AD是临床常见的中枢神经退行性病症，多发于65岁及以上的老年人群，主要症状为认知障碍、记忆力下降、精神行为紊乱等[7]。近年来，研究发现Aβ沉积以及Tau蛋白异常是AD最有可能的发病机制，其中大量文献研究认为Aβ异常聚集在AD发病过程中至关重要，可导致Tau神经元蛋白发生磷酸化、诱导神经元突触丢失和凋亡等，最终影响认知水平[3，8]。但多年来针对Aβ的大量靶向药物尚未有通过临床Ⅲ期试验的案例，因此，在继续积极开发靶向Aβ药物的同时进一步探寻Aβ作用机制已成为AD基础研究的方向。研究发现藏红花具有解郁安神、活血化瘀等功效[6]，其在AD防治中的药效作用已得到临床认证，藏花素是从藏红花中提取的活性成分，研究发现藏花素可调控PI3K/Akt信号通路，降低H2O2诱导而引起的原代海马神经元氧化应激损伤，最终发挥抗氧化和细胞凋亡作用[9]。本研究结果显示，原代海马神经元经过Aβ25-35处理后PI3K、Akt蛋白以及mRNA水平降低，而Bax蛋白以及mRNA水平增加，藏花素组中随着藏花素浓度的增加，各蛋白表达水平改善，证实藏花素可上调PI3K、Akt、Bcl-2蛋白表达，而降低Bax表达，激活PI3K/Akt通路，本研究结果与崔勇等[9]研究一致。PI3K/Akt通路一方面可保护细胞膜完整性，防止神经元细胞膜上磷脂酰丝氨酸外翻，发挥抗细胞凋亡作用，另一方面可作用于下游凋亡蛋白，如促进抗凋亡蛋白(Bcl-2)的表达，抑制促凋亡蛋白的表达(Bax)，增高Bcl-2/Bax比值，进一步抑制细胞凋亡[10-11]，故而经过藏花素处理后神经元存活分数增加，而凋亡细胞数降低。

PI3K/Akt通路作为机体重要的胞内促细胞存活转导途径，膜外信号激活PI3K后，可结合于Akt的N末端的PH结构域，使其转移到胞膜上，进而被激活胞膜上的磷脂肌醇依赖的激酶磷酸化，诱导Caspase-9、GSK3β、BAD等底物蛋白的表达，调节细胞分化、存活[9-12]。
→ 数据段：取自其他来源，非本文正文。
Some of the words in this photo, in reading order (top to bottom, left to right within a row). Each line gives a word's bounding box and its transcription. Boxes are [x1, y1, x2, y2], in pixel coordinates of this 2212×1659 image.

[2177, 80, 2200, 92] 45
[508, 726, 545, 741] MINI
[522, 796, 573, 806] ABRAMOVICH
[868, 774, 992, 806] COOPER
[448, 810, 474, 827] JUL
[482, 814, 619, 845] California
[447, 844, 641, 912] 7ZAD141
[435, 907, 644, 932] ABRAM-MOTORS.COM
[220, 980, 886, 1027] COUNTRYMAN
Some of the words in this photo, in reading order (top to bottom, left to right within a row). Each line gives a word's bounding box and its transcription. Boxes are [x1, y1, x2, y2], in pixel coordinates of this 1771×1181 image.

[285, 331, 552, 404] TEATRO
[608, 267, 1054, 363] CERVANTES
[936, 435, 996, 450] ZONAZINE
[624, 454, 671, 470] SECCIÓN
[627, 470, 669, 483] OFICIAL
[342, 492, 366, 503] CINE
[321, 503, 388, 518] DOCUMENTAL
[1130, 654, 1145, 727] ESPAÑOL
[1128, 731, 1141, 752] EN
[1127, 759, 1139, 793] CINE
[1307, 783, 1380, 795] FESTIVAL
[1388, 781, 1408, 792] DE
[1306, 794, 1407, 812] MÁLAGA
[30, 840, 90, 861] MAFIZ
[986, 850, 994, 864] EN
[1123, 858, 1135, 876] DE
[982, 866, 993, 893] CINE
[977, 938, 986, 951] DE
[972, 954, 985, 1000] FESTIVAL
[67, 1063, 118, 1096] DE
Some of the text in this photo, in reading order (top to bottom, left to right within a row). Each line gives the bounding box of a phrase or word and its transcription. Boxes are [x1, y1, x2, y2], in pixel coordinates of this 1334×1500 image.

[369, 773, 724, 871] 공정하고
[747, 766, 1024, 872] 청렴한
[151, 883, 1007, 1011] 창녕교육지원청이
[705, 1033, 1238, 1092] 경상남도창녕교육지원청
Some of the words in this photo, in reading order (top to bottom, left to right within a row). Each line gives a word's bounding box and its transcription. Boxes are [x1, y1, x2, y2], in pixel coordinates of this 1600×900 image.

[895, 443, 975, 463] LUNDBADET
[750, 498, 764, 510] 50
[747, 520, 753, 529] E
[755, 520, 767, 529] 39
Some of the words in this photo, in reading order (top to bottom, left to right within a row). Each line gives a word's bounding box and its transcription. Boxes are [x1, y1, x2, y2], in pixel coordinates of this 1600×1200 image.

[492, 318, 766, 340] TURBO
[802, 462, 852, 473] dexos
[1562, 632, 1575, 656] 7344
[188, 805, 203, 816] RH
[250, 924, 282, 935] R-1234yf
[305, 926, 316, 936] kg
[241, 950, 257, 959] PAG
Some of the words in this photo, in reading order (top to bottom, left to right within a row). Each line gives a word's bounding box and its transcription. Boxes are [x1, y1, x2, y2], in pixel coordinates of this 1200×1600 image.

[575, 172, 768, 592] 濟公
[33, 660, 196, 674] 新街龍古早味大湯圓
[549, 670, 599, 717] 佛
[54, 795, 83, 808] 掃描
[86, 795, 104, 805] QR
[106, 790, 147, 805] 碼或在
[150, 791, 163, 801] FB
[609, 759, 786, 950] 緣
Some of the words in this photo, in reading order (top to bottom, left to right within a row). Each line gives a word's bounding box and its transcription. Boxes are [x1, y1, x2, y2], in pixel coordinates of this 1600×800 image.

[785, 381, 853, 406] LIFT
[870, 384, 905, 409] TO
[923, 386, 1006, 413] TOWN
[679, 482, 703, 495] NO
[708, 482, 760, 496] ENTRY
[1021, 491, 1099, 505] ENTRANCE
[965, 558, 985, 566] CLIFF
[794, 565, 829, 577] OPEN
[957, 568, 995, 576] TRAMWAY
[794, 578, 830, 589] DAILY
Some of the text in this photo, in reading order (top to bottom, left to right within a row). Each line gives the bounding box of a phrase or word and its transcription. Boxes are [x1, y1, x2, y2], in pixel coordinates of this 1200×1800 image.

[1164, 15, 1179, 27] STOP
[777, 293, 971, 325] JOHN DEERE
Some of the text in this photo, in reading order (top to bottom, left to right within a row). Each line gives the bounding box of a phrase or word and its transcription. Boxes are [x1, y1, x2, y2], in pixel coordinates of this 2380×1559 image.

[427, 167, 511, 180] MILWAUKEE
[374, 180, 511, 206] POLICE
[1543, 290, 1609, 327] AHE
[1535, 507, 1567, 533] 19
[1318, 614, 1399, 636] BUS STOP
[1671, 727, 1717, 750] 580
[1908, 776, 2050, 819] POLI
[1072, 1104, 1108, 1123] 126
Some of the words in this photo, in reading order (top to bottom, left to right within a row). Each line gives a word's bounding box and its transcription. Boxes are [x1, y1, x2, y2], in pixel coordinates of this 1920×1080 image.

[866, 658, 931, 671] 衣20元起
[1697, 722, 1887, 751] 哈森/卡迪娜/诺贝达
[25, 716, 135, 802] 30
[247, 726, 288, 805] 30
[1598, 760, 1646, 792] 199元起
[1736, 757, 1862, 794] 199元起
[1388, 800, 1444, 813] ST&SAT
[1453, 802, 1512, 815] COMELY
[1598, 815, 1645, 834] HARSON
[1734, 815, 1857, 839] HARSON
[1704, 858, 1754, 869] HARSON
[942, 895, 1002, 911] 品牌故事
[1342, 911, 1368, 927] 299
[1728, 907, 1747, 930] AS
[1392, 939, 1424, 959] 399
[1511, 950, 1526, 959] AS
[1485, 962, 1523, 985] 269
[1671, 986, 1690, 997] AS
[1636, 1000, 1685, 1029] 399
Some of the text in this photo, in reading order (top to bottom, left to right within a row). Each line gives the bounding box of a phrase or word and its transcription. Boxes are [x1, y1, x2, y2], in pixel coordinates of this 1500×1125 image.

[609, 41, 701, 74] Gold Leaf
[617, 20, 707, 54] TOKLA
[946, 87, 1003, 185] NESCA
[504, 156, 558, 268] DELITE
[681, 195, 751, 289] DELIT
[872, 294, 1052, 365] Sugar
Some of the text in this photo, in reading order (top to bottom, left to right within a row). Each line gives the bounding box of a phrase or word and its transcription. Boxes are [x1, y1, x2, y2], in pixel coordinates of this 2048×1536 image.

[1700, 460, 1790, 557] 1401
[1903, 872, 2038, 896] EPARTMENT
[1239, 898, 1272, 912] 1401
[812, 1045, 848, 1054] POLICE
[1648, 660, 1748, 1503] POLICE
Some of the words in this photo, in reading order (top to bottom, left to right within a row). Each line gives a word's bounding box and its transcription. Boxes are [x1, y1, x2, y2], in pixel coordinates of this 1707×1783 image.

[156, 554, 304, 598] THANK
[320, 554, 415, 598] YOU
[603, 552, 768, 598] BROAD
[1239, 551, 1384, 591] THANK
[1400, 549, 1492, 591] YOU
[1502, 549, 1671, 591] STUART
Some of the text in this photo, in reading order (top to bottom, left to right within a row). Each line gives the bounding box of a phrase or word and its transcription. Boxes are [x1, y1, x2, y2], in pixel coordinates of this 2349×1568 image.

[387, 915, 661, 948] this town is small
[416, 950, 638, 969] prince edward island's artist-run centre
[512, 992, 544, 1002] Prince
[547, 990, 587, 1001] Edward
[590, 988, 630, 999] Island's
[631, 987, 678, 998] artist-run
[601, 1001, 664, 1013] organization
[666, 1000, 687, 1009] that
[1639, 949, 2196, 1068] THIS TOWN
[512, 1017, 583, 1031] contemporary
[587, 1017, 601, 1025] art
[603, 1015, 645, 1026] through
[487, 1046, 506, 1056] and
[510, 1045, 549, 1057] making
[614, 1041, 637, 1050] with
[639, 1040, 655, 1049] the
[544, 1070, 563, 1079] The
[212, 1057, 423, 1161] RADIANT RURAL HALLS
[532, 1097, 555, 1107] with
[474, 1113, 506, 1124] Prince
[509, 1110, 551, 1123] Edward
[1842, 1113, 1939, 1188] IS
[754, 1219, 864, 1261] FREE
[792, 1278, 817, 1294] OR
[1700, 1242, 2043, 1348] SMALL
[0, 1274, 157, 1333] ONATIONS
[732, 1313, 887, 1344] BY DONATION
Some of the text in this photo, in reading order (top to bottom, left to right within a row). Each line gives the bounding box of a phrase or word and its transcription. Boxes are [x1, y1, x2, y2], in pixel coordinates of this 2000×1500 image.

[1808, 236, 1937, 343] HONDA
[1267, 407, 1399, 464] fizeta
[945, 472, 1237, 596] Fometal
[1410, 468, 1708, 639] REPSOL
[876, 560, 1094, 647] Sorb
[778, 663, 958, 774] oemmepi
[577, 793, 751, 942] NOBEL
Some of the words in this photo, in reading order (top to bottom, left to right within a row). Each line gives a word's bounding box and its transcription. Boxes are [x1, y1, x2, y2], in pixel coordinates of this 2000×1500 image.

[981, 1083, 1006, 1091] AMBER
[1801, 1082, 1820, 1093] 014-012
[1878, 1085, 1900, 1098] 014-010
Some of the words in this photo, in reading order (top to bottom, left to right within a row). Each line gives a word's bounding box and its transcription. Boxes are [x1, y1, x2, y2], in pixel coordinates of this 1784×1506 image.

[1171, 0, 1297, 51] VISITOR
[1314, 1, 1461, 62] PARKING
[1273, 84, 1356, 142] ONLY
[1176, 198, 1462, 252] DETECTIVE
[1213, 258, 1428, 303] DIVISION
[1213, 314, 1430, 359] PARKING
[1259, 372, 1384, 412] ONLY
其中Akt可正性调节CREB转录因子，促进P-CREB形成，加快蛋白转录，调节神经元再生、突触形成以及记忆和学习等生物学行为[5，13]。Bartolotti 等[14]研究显示AD病人CREB/P-CREB水平与疾病关系密切，随着疾病严重程度的增加，海马组织中cAMP水平明显降低，使得CREB/P-CREB水平相应降低。本研究结果显示原代海马神经元经过Aβ25～35处理后P-CREB水平降低，通过加入藏花素后其表达水平增加，且呈现浓度依赖性，表明藏花素可上调P-CREB表达，进而促进Bcl-2、c-fos等蛋白的表达，抑制Aβ异常聚集，最终抑制细胞凋亡[15]，同时P-CREB还能促进脑源性神经生长因子、碱性成纤维细胞生长因子的表达，从而调控神经元应激损伤后的修复、再生等。AD病人海马的神经元大量丢失，Akt水平显著下降，藏花素通过活化PI3K/Akt通路促进Akt的表达，进而介导多种生物学效应，如促进细胞生长、增殖，调控血管生成、细胞存活等[6]。Akt作为一种丝氨酸/苏氨酸激酶，其水平的增加可促进CREB的磷酸化，使得CREB与对应启动子区域相连，进而诱导cAMP反应元件基因的表达，维持细胞存活[5]。Li 等[16]研究发现P-CREB诱导产生的脑源性神经生长因子可进一步激活PI3K/Akt信号通路，加快CREB向P-CREB的转化，拮抗Aβ25～35对原代海马神经元的神经毒性，最终减少神经元凋亡，改善突触可塑性和AD病人的认知功能障碍。

藏花素可通过调控PI3K/Akt信号途径以及促进P-CREB表达，发挥海马神经元保护作用，抑制细胞凋亡。